To install (or update) and configure the OpenSSL engine

  1. Use the following commands to download and install the OpenSSL engine.

    Amazon LinuxAmazon Linux 2CentOS 6CentOS 7RHEL 6RHEL 7Ubuntu 16.04 and later
    Amazon Linux
    $ wget https://s3.amazonaws.com/cloudhsmv2-software/CloudHsmClient/EL6/cloudhsm-client-dyn-latest.el6.x86_64.rpm
    $ sudo yum install -y ./cloudhsm-client-dyn-latest.el6.x86_64.rpm
    Amazon Linux 2
    $ wget https://s3.amazonaws.com/cloudhsmv2-software/CloudHsmClient/EL7/cloudhsm-client-dyn-latest.el7.x86_64.rpm
    $ sudo yum install -y ./cloudhsm-client-dyn-latest.el7.x86_64.rpm
    CentOS 6
    $ wget https://s3.amazonaws.com/cloudhsmv2-software/CloudHsmClient/EL6/cloudhsm-client-dyn-1.1.0-2.el6.x86_64.rpm
    $ sudo yum install -y ./cloudhsm-client-dyn-latest.el6.x86_64.rpm
    CentOS 7
    $ wget https://s3.amazonaws.com/cloudhsmv2-software/CloudHsmClient/EL7/cloudhsm-client-dyn-1.1.0-2.el7.x86_64.rpm
    $ sudo yum install -y ./cloudhsm-client-dyn-latest.el7.x86_64.rpm
    RHEL 6
    $ wget https://s3.amazonaws.com/cloudhsmv2-software/CloudHsmClient/EL6/cloudhsm-client-dyn-1.1.0-2.el6.x86_64.rpm
    $ sudo yum install -y ./cloudhsm-client-dyn-latest.el6.x86_64.rpm
    RHEL 7
    $ wget https://s3.amazonaws.com/cloudhsmv2-software/CloudHsmClient/EL7/cloudhsm-client-dyn-1.1.0-2.el7.x86_64.rpm
    $ sudo yum install -y ./cloudhsm-client-dyn-latest.el7.x86_64.rpm
    Ubuntu 16.04 and later
    $ wget https://s3.amazonaws.com/cloudhsmv2-software/CloudHsmClient/Xenial/cloudhsm-client-dyn_1.1.0-2_amd64.deb
    $ sudo dpkg -i cloudhsm-client-dyn_latest_amd64.deb
  2. After you complete the preceding step, you can find the OpenSSL engine at /opt/cloudhsm/lib/libcloudhsm_openssl.so.

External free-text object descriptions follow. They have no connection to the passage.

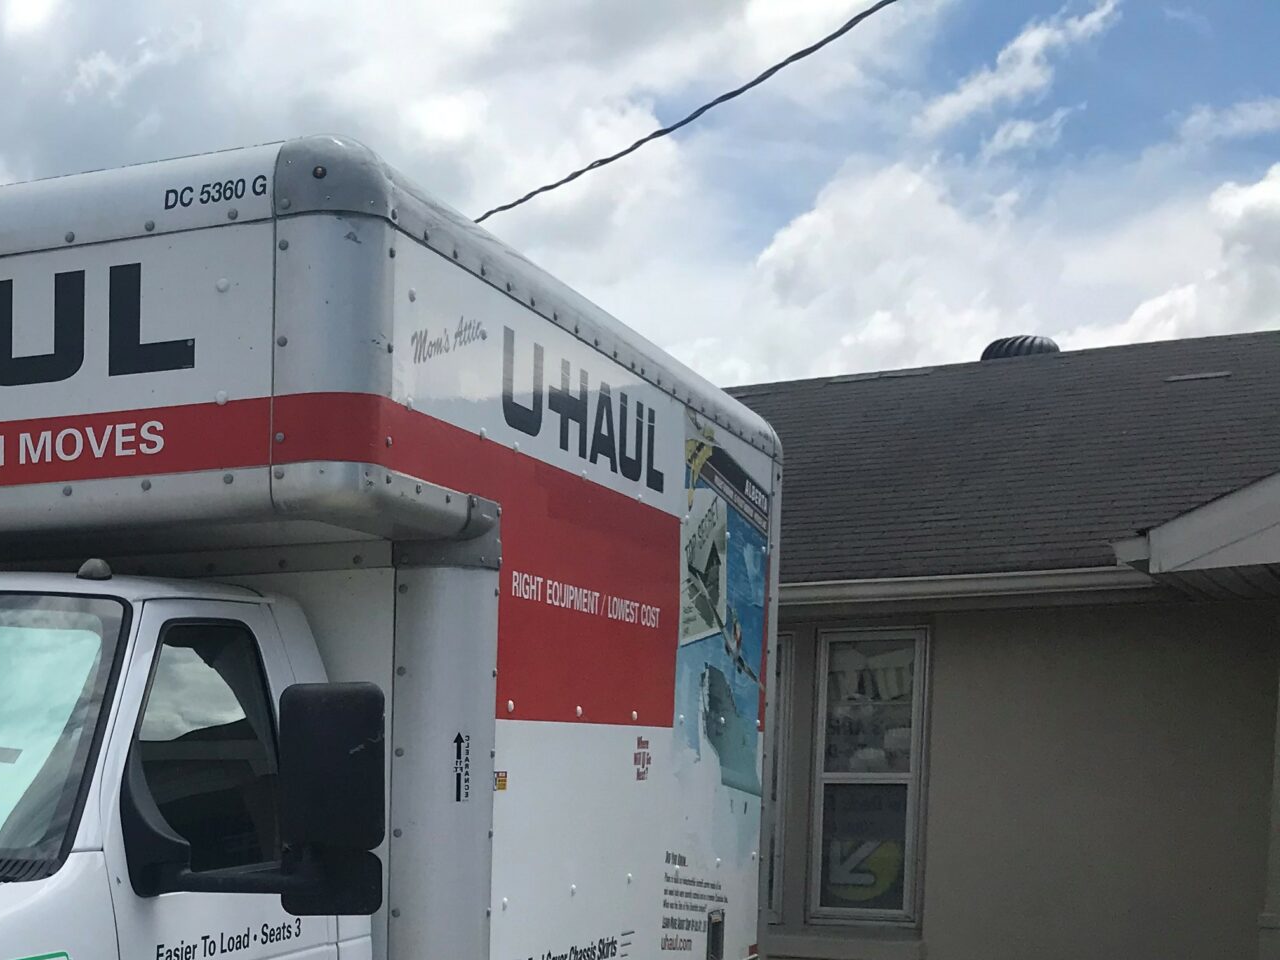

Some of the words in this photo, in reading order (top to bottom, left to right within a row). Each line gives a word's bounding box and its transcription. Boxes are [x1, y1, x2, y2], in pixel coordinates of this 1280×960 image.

[164, 186, 194, 210] DC
[199, 178, 246, 205] 5360
[252, 174, 267, 196] G
[410, 327, 450, 364] Mom's
[502, 325, 664, 494] U-HAUL
[18, 420, 165, 469] MOVES
[511, 570, 544, 602] RIGHT
[546, 579, 600, 615] EQUIPMENT
[607, 595, 640, 624] LOWEST
[640, 604, 661, 629] COST
[201, 934, 216, 957] To
[220, 927, 250, 954] Load
[261, 921, 292, 945] Seats
[294, 917, 301, 937] 3

  3. Use the following command to set an environment variable named n3fips_password that contains the credentials of a crypto user (CU).

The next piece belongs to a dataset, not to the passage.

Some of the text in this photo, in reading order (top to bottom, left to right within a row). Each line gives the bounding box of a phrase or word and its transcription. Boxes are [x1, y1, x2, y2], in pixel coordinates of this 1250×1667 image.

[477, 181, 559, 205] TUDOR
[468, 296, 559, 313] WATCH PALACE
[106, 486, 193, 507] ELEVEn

    $ export n3fips_password=<HSM user name>:<password>

Use the OpenSSL Dynamic Engine

To use the AWS CloudHSM dynamic engine for OpenSSL from the OpenSSL command line, use the -engine option to specify the OpenSSL dynamic engine named cloudhsm. For example:

$ openssl s_server -cert server.crt -key server.key -engine cloudhsm

To use the AWS CloudHSM dynamic engine for OpenSSL from an OpenSSL-integrated application, ensure that your application uses the OpenSSL dynamic engine named cloudhsm. The shared library for the dynamic engine is located at /opt/cloudhsm/lib/libcloudhsm_openssl.so.